Copy each record exactly and skip its pictures.
[Opening PROVIDED DATA section]
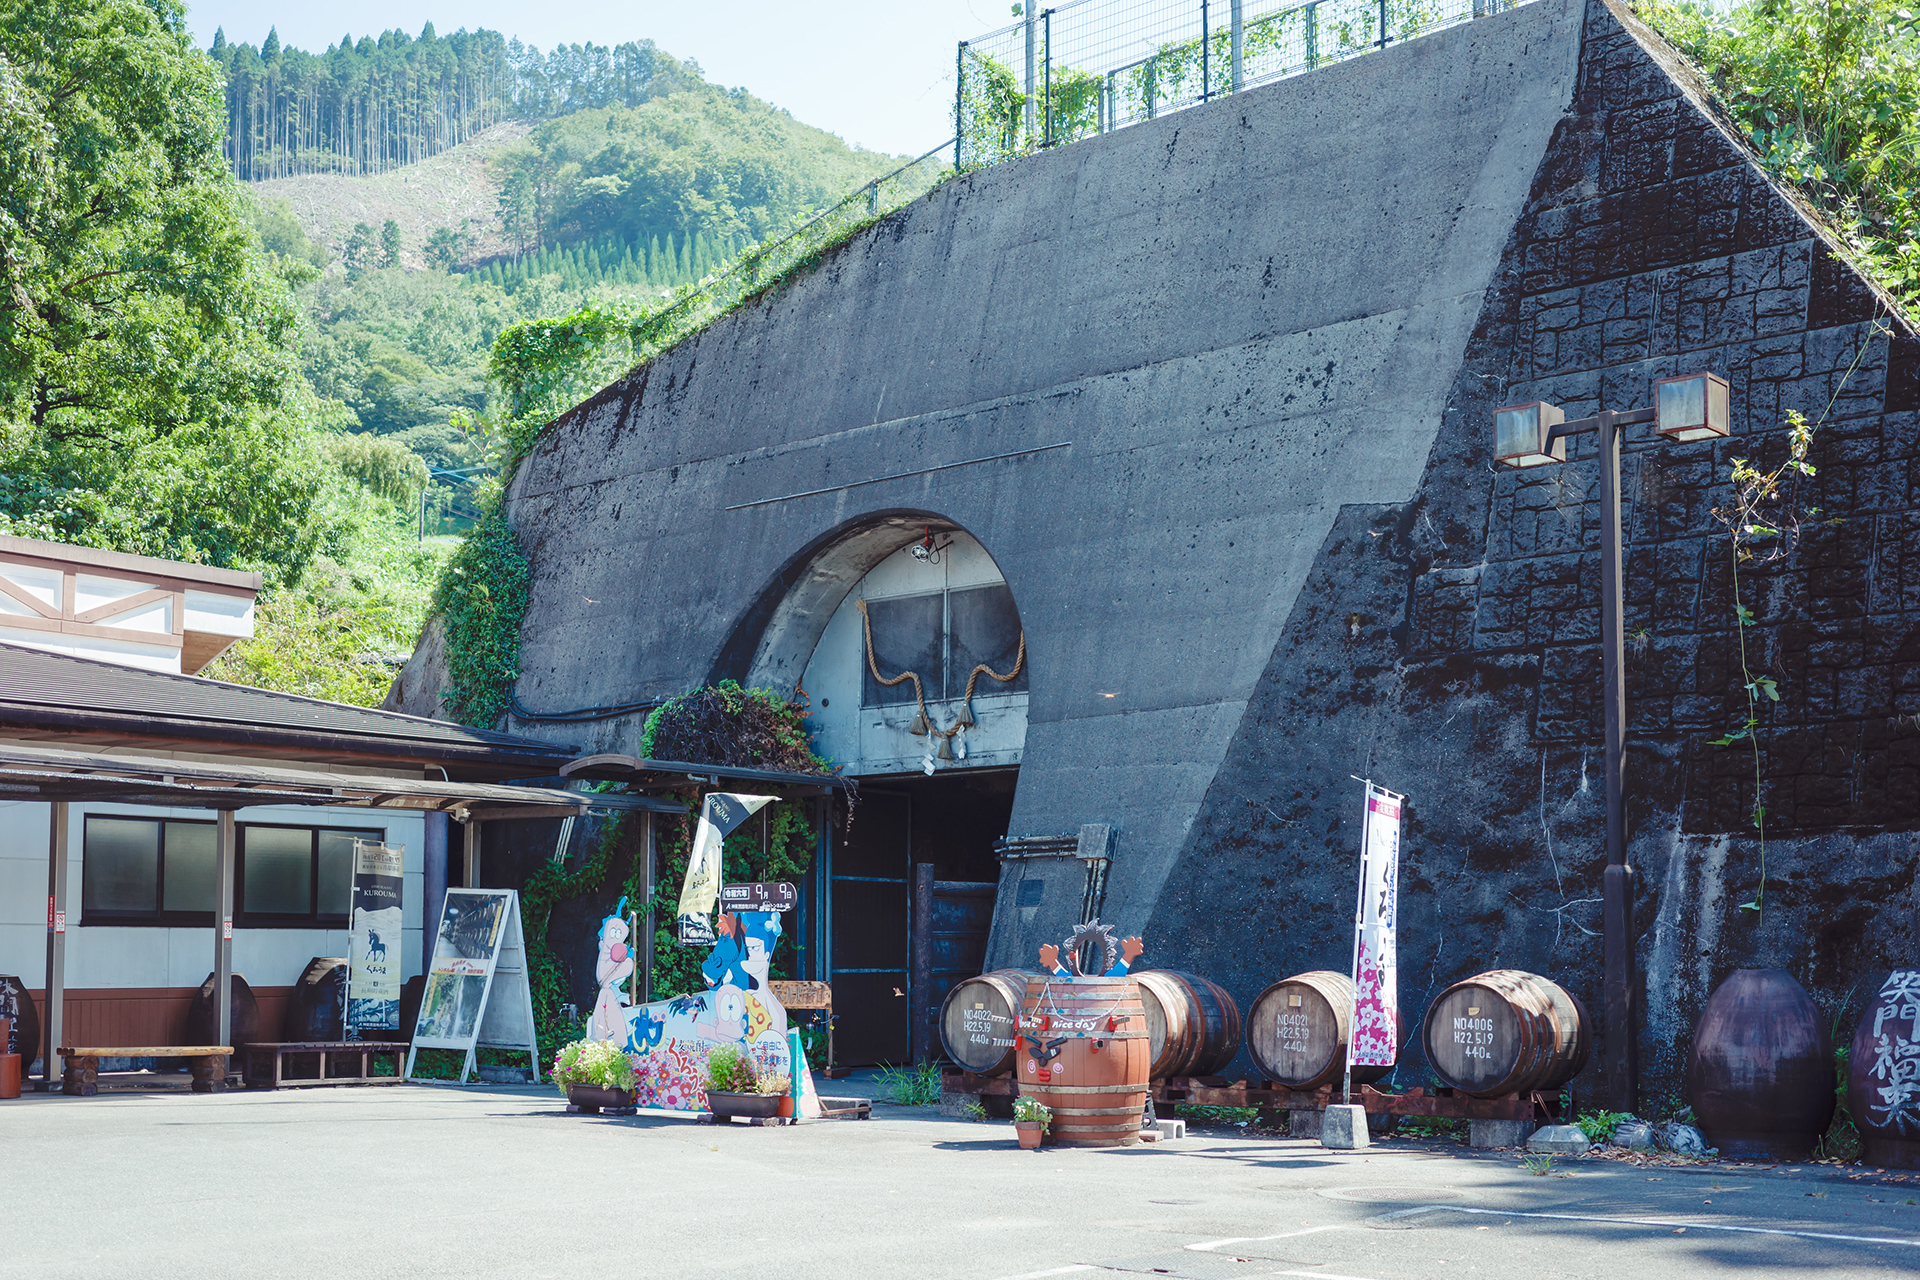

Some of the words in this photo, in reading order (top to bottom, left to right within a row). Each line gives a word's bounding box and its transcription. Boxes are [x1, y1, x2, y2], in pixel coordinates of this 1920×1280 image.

[363, 890, 397, 899] KUROUMA
[1052, 1020, 1074, 1029] nice
[1075, 1018, 1097, 1031] day
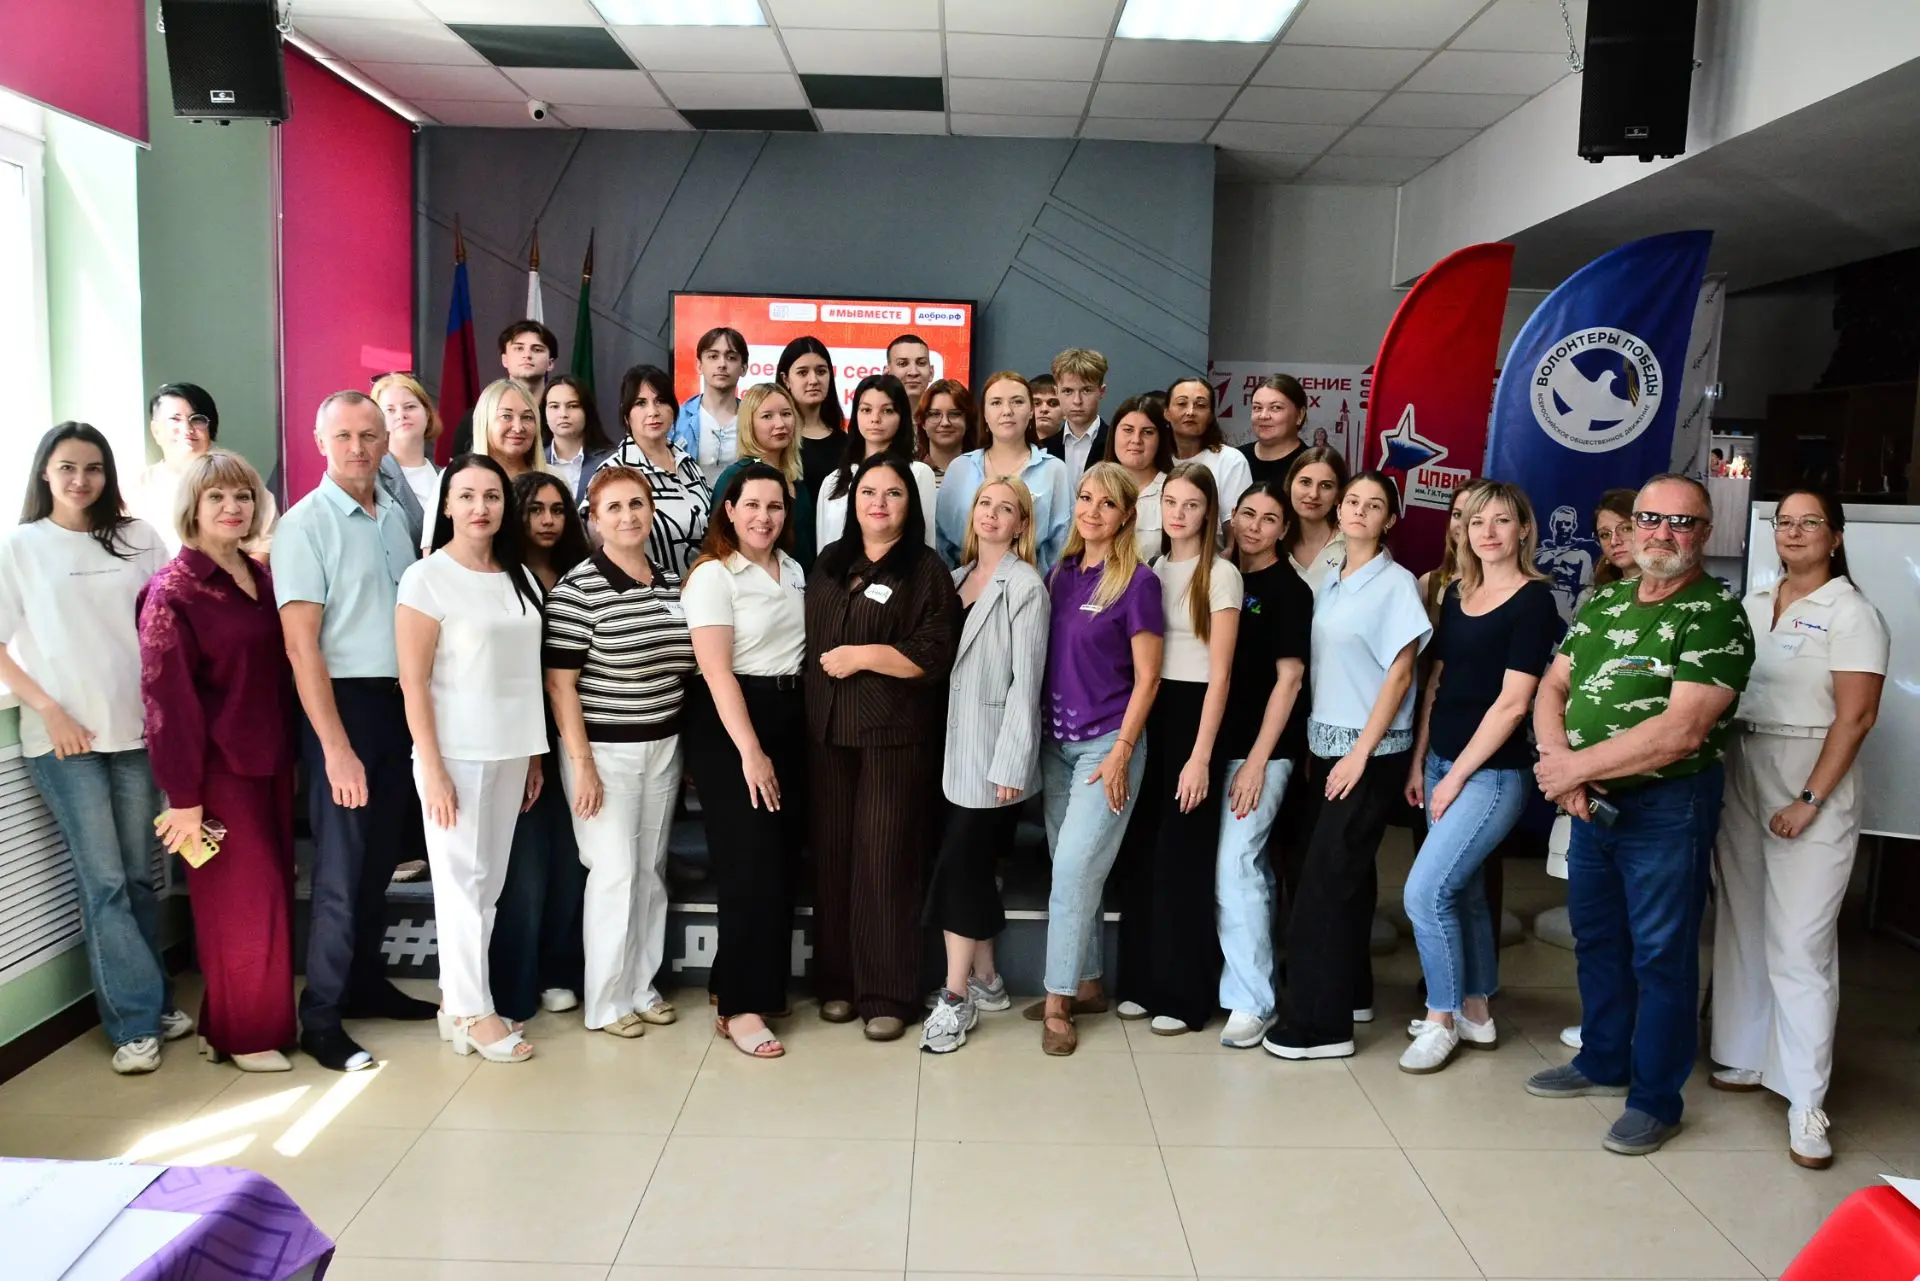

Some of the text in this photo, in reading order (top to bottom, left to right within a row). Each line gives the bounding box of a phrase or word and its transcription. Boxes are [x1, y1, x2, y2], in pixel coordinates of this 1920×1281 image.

[829, 308, 902, 320] #МЫВМЕСТЕ
[918, 311, 962, 321] добро.рф
[1536, 332, 1620, 387] ВОЛОНТЕРЫ
[1622, 338, 1658, 396] ПОБЕДЫ
[1243, 375, 1352, 391] ДВЕНИЕ
[1537, 392, 1570, 440] ВСЕРОССИЙСКОЕ
[1570, 433, 1624, 446] ОБЩЕСТВЕННОЕ
[1624, 403, 1650, 436] ДВИЖЕНИЕ
[Closing PROVIDED DATA section]
§ **SOLUTION TO THIS EXERCISE**:
Some of the words in this photo, in reading order (top to bottom, left to right within a row). Each line gives a word's bounding box and its transcription. Boxes are [x1, y1, x2, y2], in pixel coordinates of this 1920×1280 image.

[363, 890, 397, 899] KUROUMA
[1052, 1020, 1074, 1029] nice
[1075, 1018, 1097, 1031] day

Some of the text in this photo, in reading order (top to bottom, left to right within a row). Each line gives the bounding box of a phrase or word and its transcription. Boxes are [x1, y1, x2, y2], in pixel coordinates of this 1920×1281 image.

[829, 308, 902, 320] #МЫВМЕСТЕ
[918, 311, 962, 321] добро.рф
[1536, 332, 1620, 387] ВОЛОНТЕРЫ
[1622, 338, 1658, 396] ПОБЕДЫ
[1243, 375, 1352, 391] ДВЕНИЕ
[1537, 392, 1570, 440] ВСЕРОССИЙСКОЕ
[1570, 433, 1624, 446] ОБЩЕСТВЕННОЕ
[1624, 403, 1650, 436] ДВИЖЕНИЕ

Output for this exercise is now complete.